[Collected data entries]
○ ○ ○ ○ ○ ○ ○

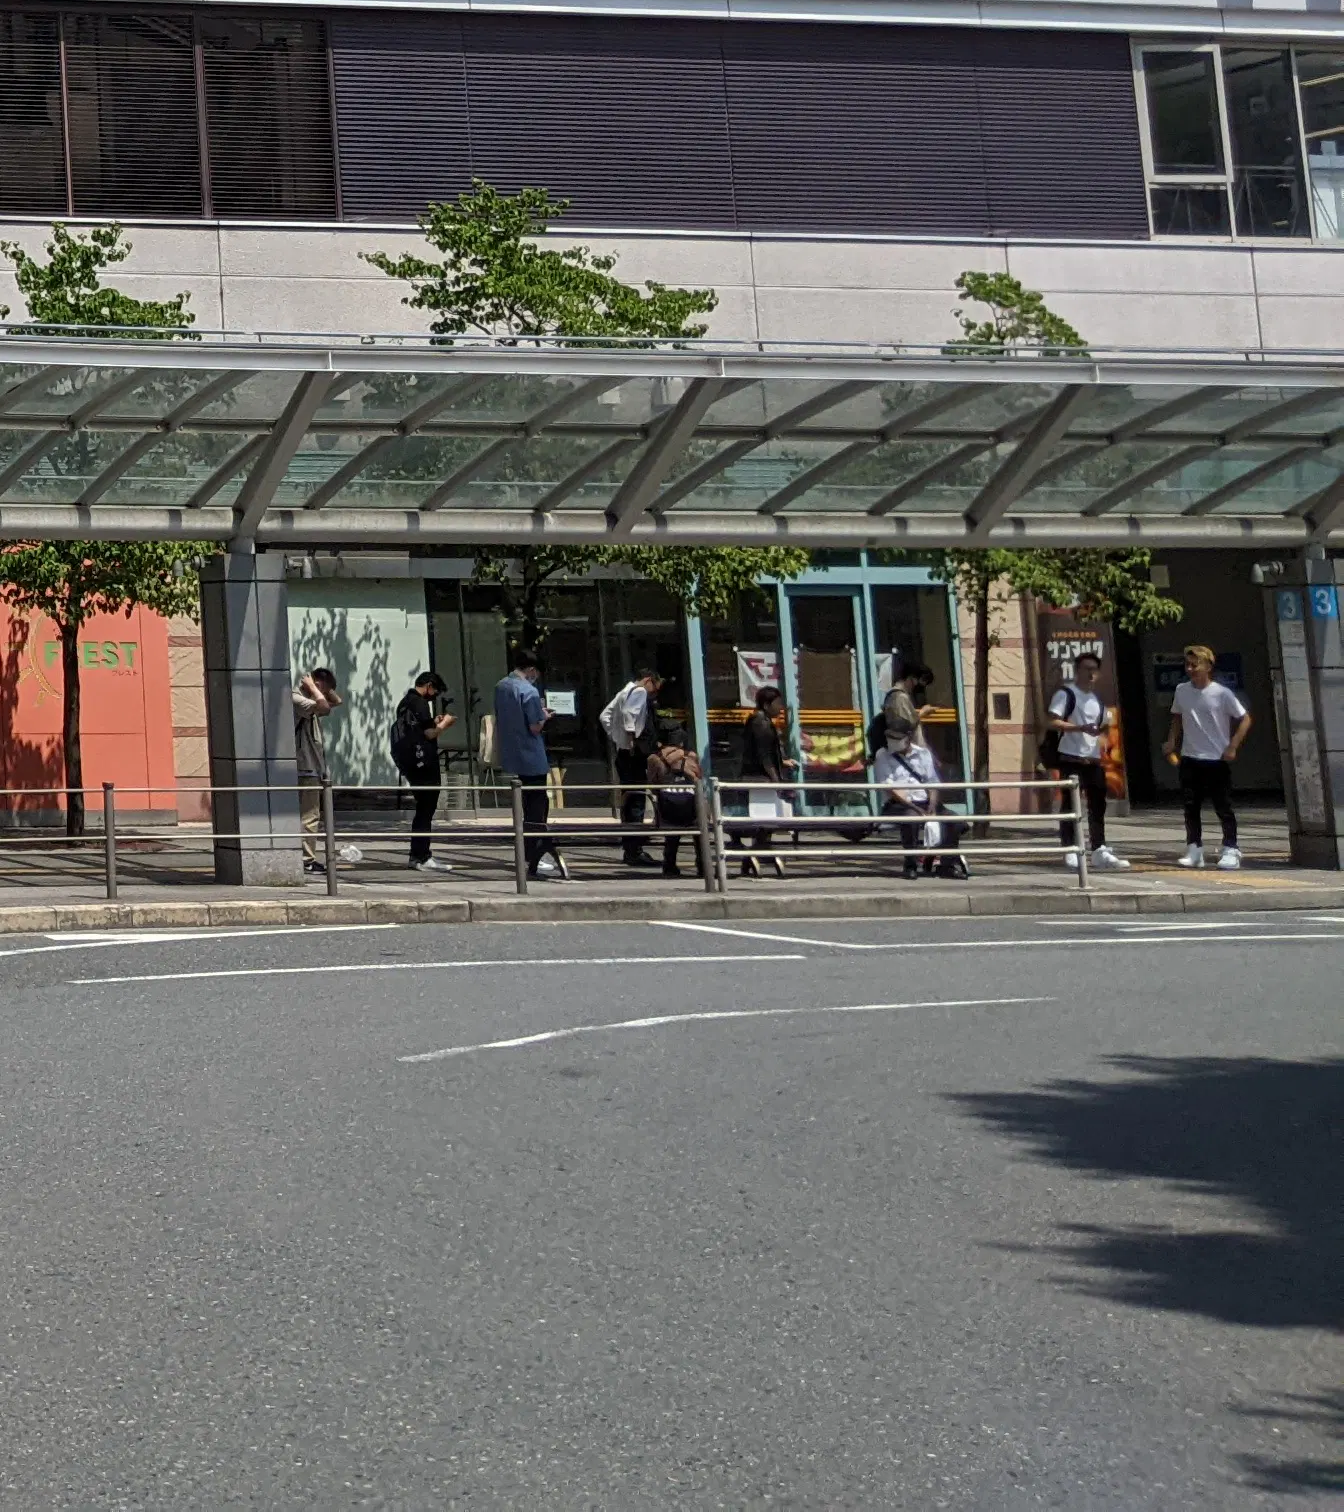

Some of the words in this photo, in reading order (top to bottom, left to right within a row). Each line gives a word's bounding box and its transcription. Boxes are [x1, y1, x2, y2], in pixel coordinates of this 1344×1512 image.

[1282, 592, 1297, 619] 3
[1315, 589, 1332, 615] 3
[43, 640, 138, 669] FEST
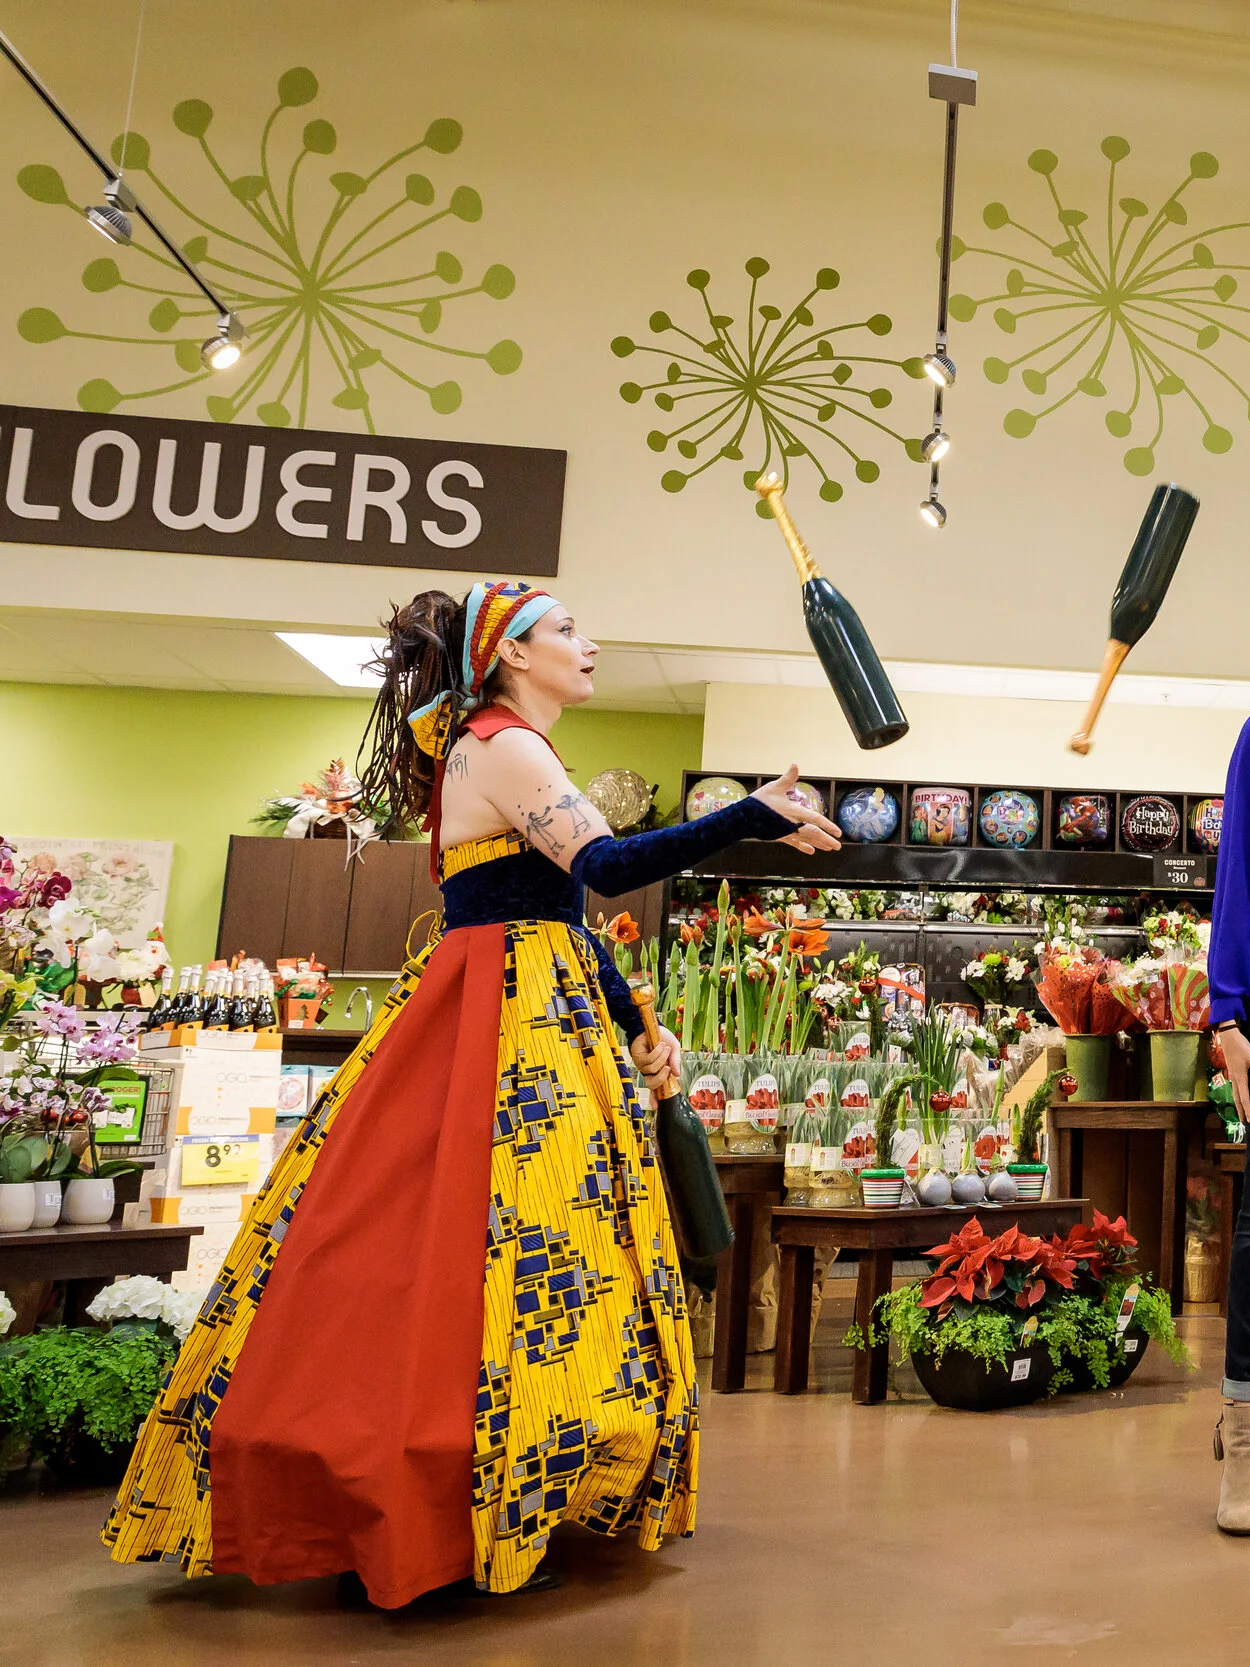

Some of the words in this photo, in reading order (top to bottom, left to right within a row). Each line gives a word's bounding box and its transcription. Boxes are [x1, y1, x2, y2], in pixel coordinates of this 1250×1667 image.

○ ○ ○ ○ ○ ○ ○

#### [Exercise instructions]
Reproduce every record above word for word. Leave the pictures out.

#### [Task solution]
Some of the words in this photo, in reading order (top to bottom, left to right within a row). Each line gives a word's bounding box and its transcription. Boxes are [x1, y1, x2, y2], in pixel coordinates of this 1344×1512 image.

[1282, 592, 1297, 619] 3
[1315, 589, 1332, 615] 3
[43, 640, 138, 669] FEST

Some of the words in this photo, in reading order (top to bottom, left to right within a row). Each line gives a word's bounding box and its transcription. Boxes are [x1, y1, x2, y2], in pixel coordinates of this 1250×1667 image.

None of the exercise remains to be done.